In the event that a meaningful correction or disruption occurs, we believe that we will be able to take advantage of opportunities that arise given our demonstrated track record of investing across credit cycles.
And now I would like to turn the call over to Mel Carlisle, our Chief Financial Officer and Treasurer to discuss our financial results in more detail..
Thank you, Edgar. We are pleased with OCSL’s improving financial performance for the quarter. Net investment income in the second quarter was $15.3 million or $0.11 per basic and diluted share.
This was up sequentially from $13.3 million or $0.09 per share last quarter, primarily due to higher fee income and lower interest expense reflecting lower average borrowings in the quarter. Total investment income for the quarter was $34.8 million, up sequentially from $33.9 million in the December quarter.
This is primarily due to an increase in dividend income as well as an increase in fee income associated with loan originations. These increases were partially offset by lower interest income primarily due to lower loan prepayments and an approximate $2 million decline in OID income acceleration.

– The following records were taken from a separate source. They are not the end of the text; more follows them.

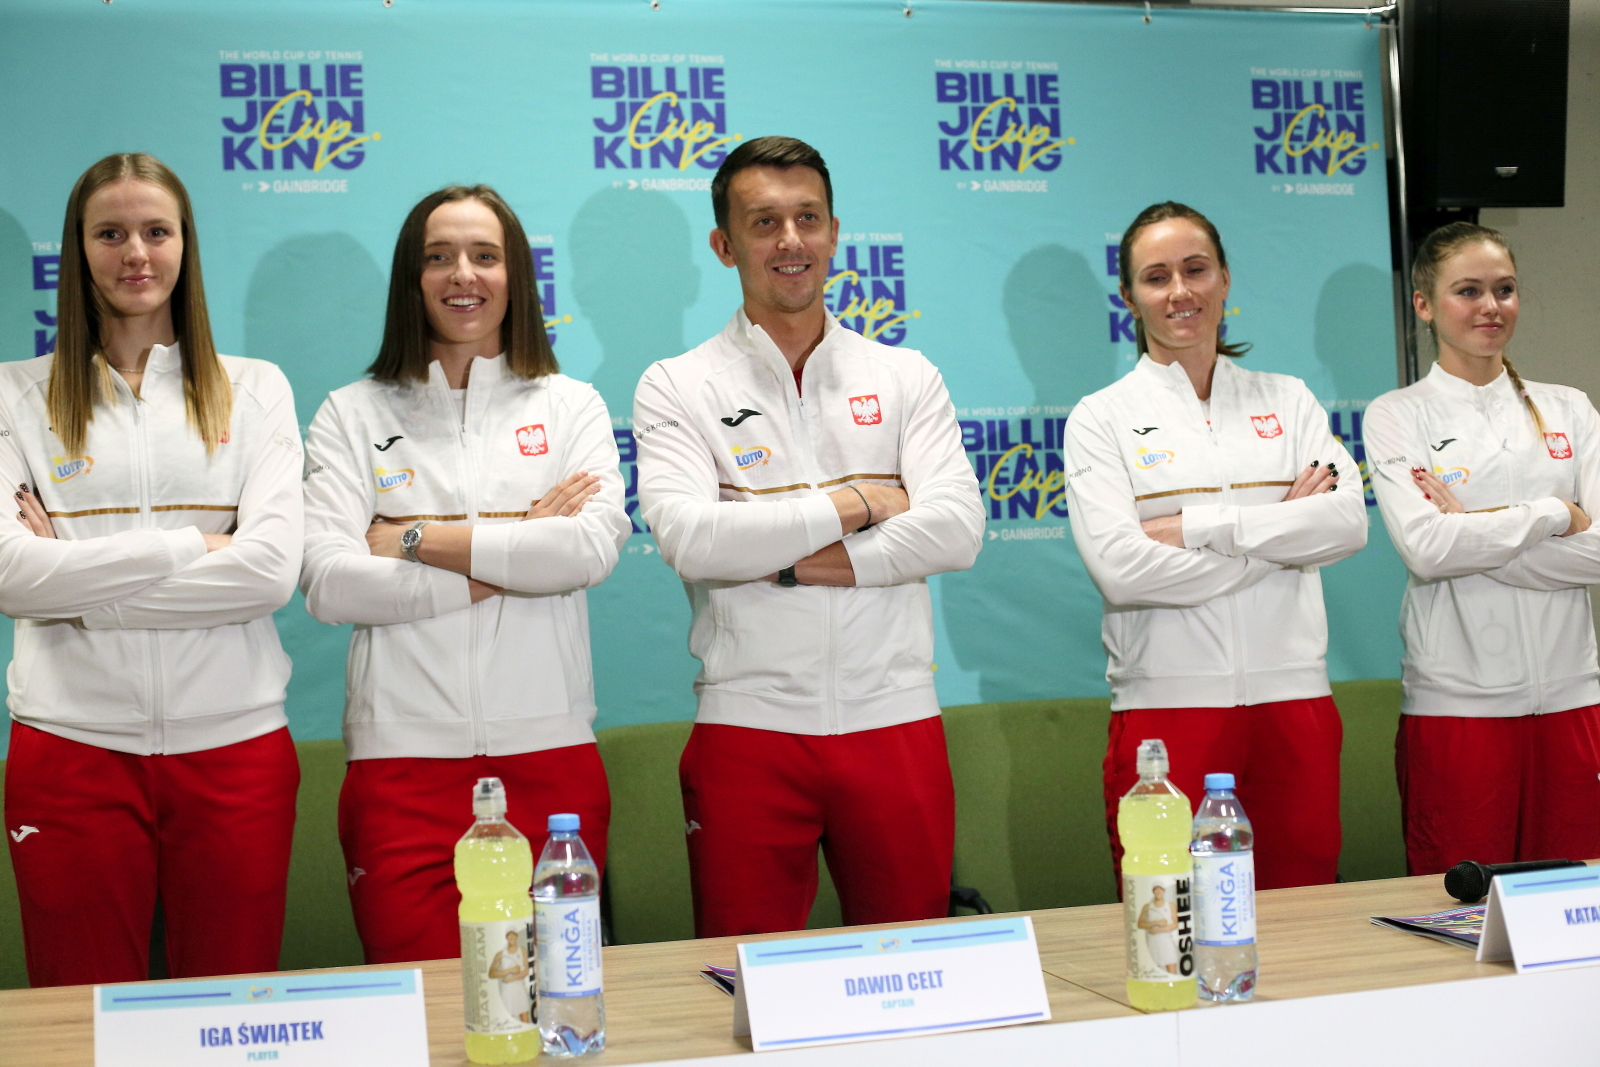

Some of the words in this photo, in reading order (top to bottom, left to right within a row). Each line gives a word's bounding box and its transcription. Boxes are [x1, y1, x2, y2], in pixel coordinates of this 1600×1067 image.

[219, 51, 239, 60] THE
[242, 51, 280, 60] WORLD
[283, 51, 304, 60] CUP
[307, 51, 321, 60] OF
[325, 51, 363, 60] TENNIS
[590, 53, 608, 62] THE
[612, 53, 648, 62] WORLD
[649, 54, 670, 62] CUP
[672, 54, 685, 63] OF
[688, 54, 724, 64] TENNIS
[935, 59, 952, 68] THE
[955, 60, 988, 68] WORLD
[990, 61, 1009, 69] CUP
[1011, 61, 1022, 69] OF
[1026, 61, 1058, 70] TENNIS
[220, 64, 363, 97] BILLIE
[591, 66, 724, 99] BILLIE
[1250, 67, 1266, 76] THE
[1320, 69, 1330, 78] OF
[936, 72, 1059, 104] BILLIE
[1252, 79, 1364, 111] BILLIE
[222, 100, 364, 133] JEAN
[593, 101, 726, 134] JEAN
[938, 106, 1061, 137] JEAN
[1253, 112, 1365, 143] JEAN
[259, 89, 381, 172] Cup
[628, 91, 742, 170] Cup
[971, 96, 1076, 173] Cup
[1284, 104, 1380, 177] Cup
[222, 137, 365, 170] KING
[594, 136, 727, 169] KING
[939, 139, 1062, 171] KING
[1255, 144, 1366, 175] KING
[273, 179, 348, 192] GAINBRIDGE
[641, 178, 711, 191] GAINBRIDGE
[983, 180, 1048, 192] GAINBRIDGE
[1296, 183, 1354, 195] GAINBRIDGE
[32, 242, 52, 251] THE
[827, 246, 904, 277] LLIE
[972, 407, 1004, 416] WORLD
[1006, 406, 1026, 415] CUP
[651, 420, 679, 431] KRONO
[57, 460, 85, 477] LOTTO
[735, 450, 763, 466] LOTTO
[1141, 453, 1167, 466] LOTTO
[379, 472, 407, 488] LOTTO
[1437, 470, 1463, 484] OTTO
[1001, 527, 1066, 541] GAINBRIDGE
[1176, 877, 1194, 977] OSHEE
[1564, 906, 1600, 926] KATA
[845, 974, 903, 996] DAWID
[907, 970, 943, 991] CELT
[881, 999, 915, 1010] CAPTAIN
[200, 1026, 232, 1047] IGA
[238, 1021, 324, 1046] ŚWIĄTEK
[247, 1050, 279, 1061] PLAYER
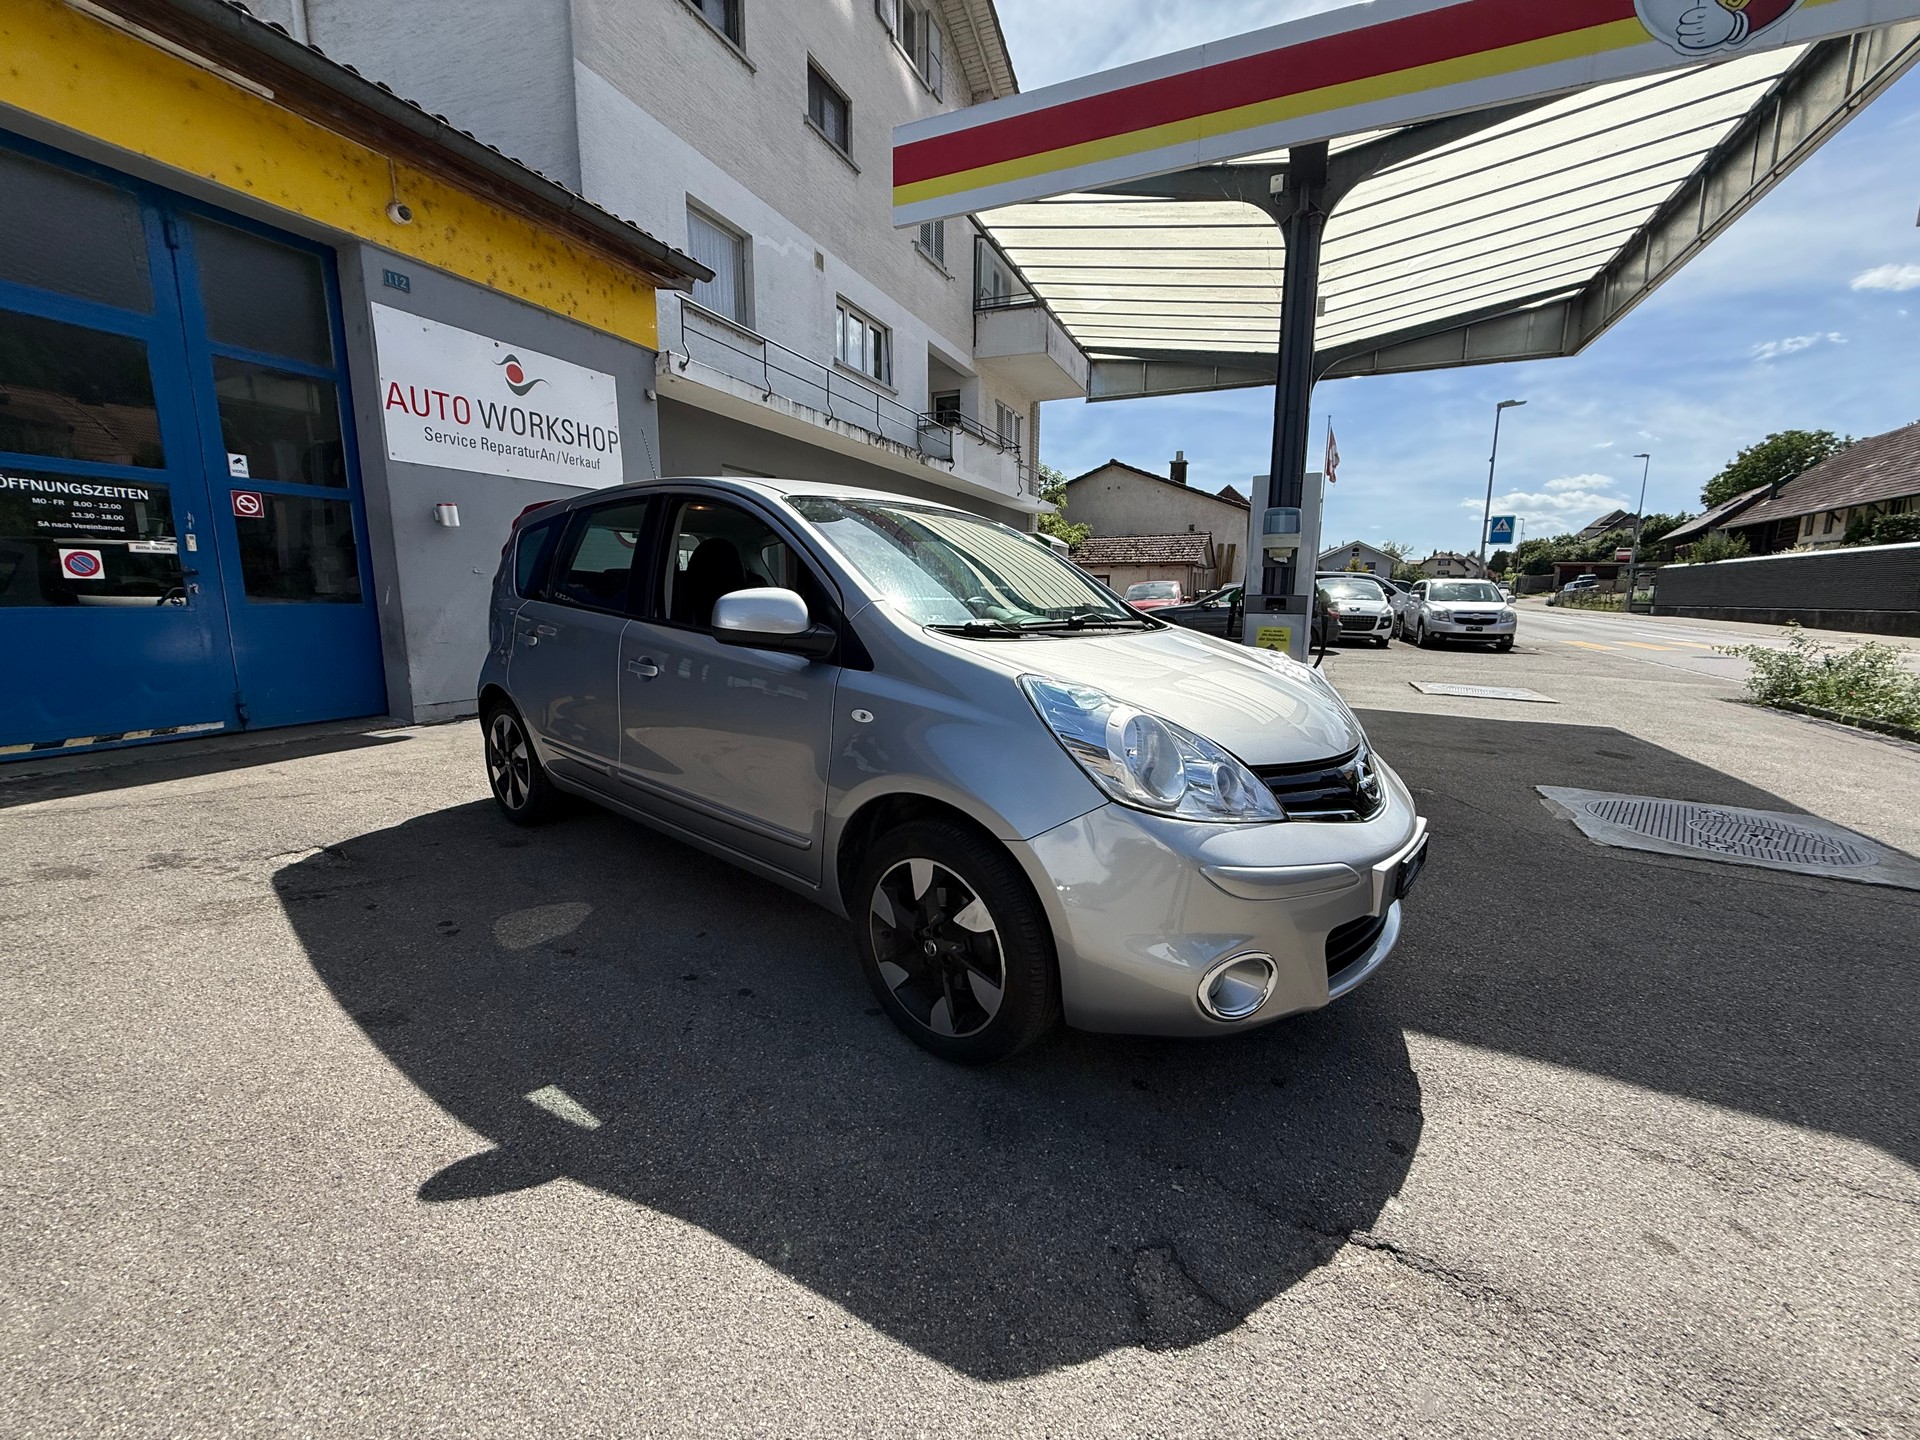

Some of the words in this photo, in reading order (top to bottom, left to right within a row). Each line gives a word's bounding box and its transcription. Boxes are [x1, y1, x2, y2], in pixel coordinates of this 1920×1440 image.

Interest expense declined by $1.1 million in the quarter primarily due to lower average borrowings. This decline was partially offset by higher cost of capital under our revolving credit facility due to rising interest rates.

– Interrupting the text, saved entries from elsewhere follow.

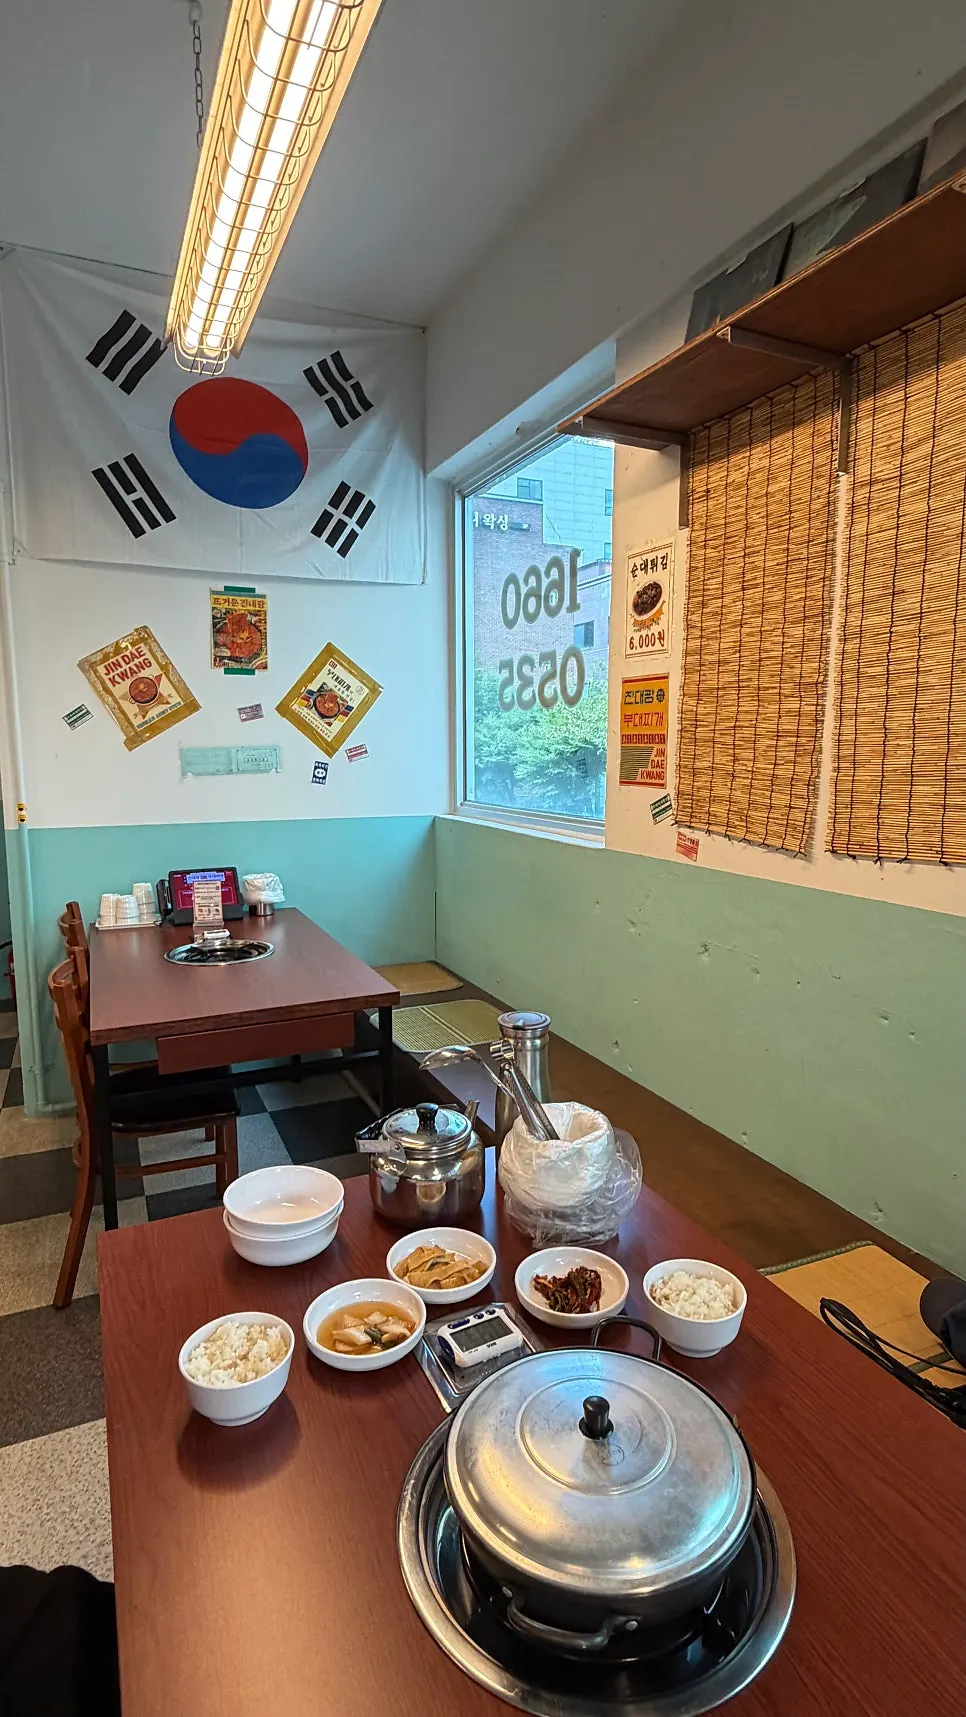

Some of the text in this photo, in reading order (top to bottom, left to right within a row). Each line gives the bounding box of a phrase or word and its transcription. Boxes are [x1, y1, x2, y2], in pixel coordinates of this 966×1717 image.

[482, 513, 508, 531] 왁싱
[630, 552, 669, 578] 순대튀김
[103, 646, 146, 676] JIN DAE
[108, 658, 153, 688] KWANG
[624, 689, 654, 705] 진대광
[623, 712, 664, 728] 부대찌개
[654, 747, 666, 758] JIN
[651, 759, 665, 769] DAE
[640, 769, 665, 781] KWANG

Net expenses for the quarter were $19.5 million, down from $20.6 million last quarter reflecting lower professional fees and G&A expenses partially offset by higher incentive fees from improved portfolio performance, second quarter operating expenses are more in line with our expected run-rate going forward.

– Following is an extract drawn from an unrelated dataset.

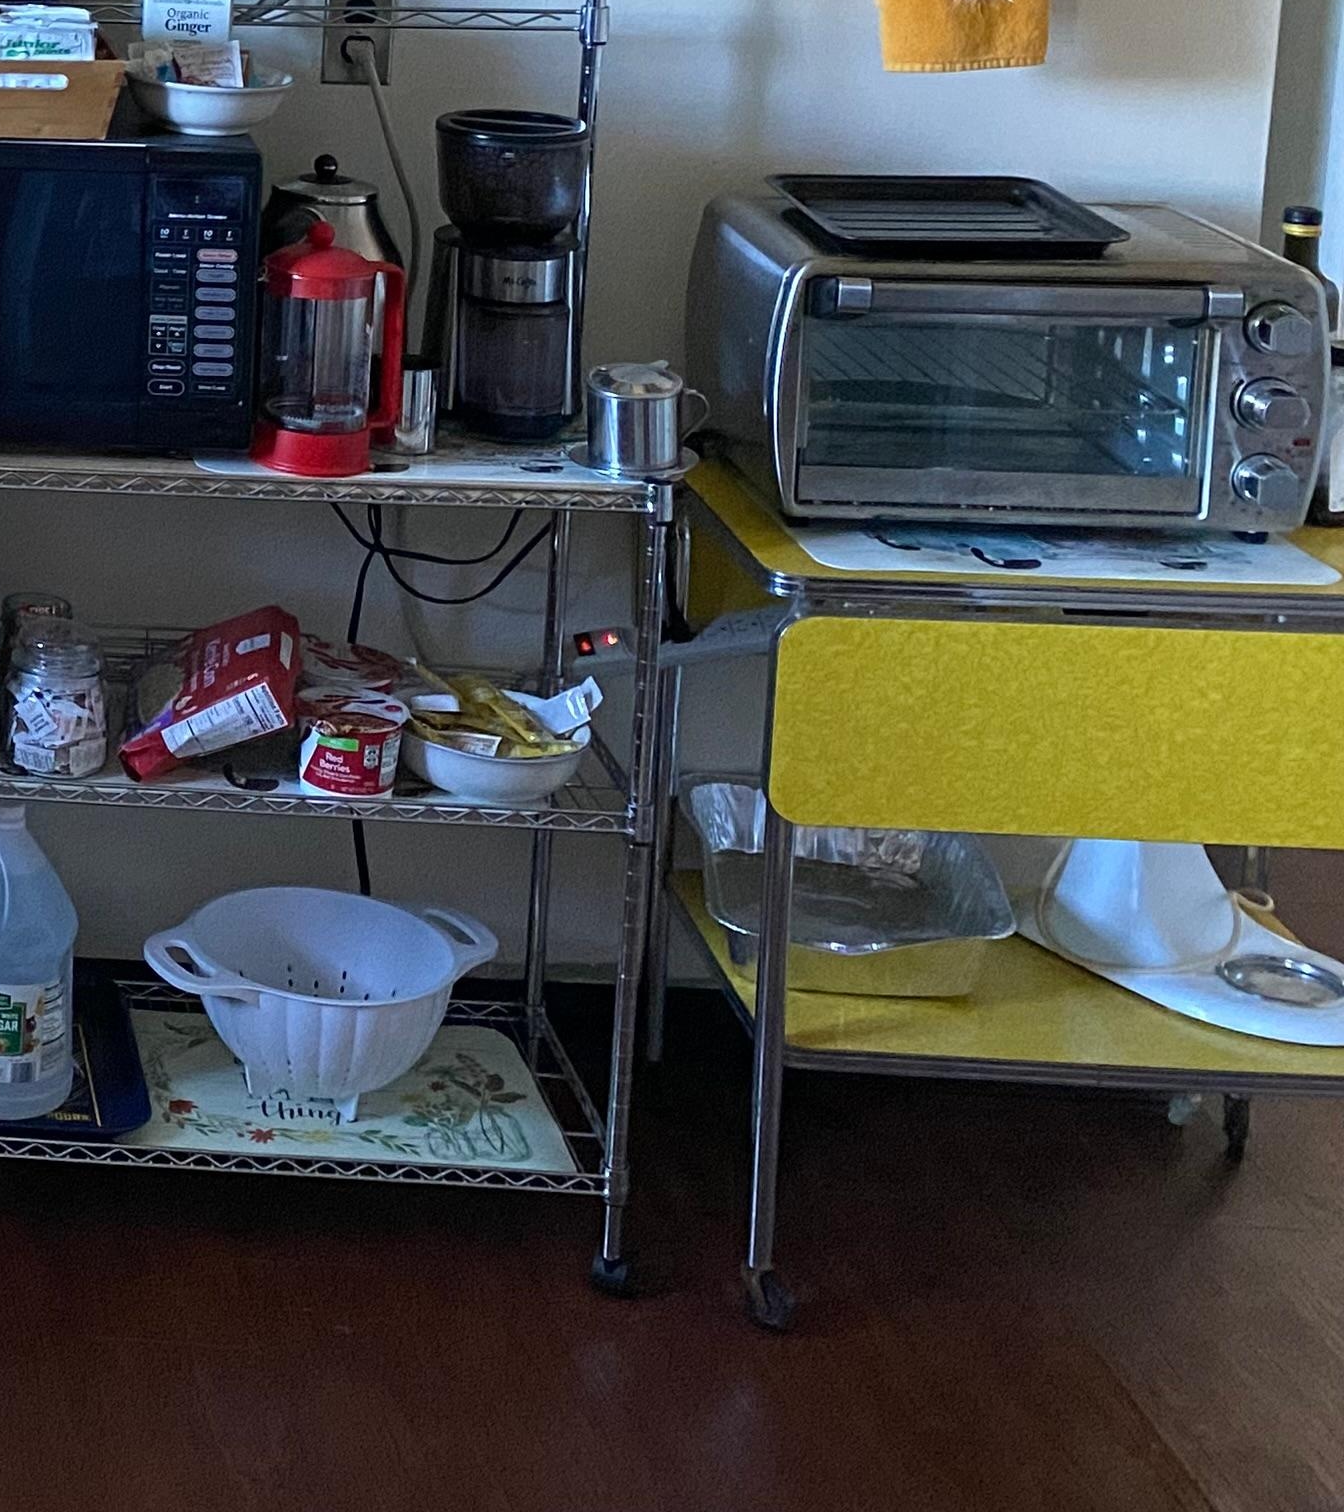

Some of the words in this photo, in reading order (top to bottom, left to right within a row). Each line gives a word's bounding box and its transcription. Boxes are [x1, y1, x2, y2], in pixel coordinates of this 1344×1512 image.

Now, turning to credit quality at December 31, 8 of our debt investments representing 2.4% of our portfolio at fair value were on non-accrual status. No new non-accrual investments were added in the quarter. Net unrealized depreciation on our portfolio in the second quarter was $377,000.
Realized gains for the quarter were $4.9 million reflecting loan payoffs that occurred at or above par and investments that were sold above their December 31 marks. As Edgar mentioned, net asset value increased $5.87 per share at quarter end as compared to $5.81 per share at December 31.
On Page 10 of the earnings presentation we have provided a bridge that explains the key factors that led to the increase in NAV. Second quarter net investment income contributed $0.11. Net realized gains contributed $0.03 to our NAV. This was partially offset by our $0.085 dividend resulting in net increase of $0.06 to NAV.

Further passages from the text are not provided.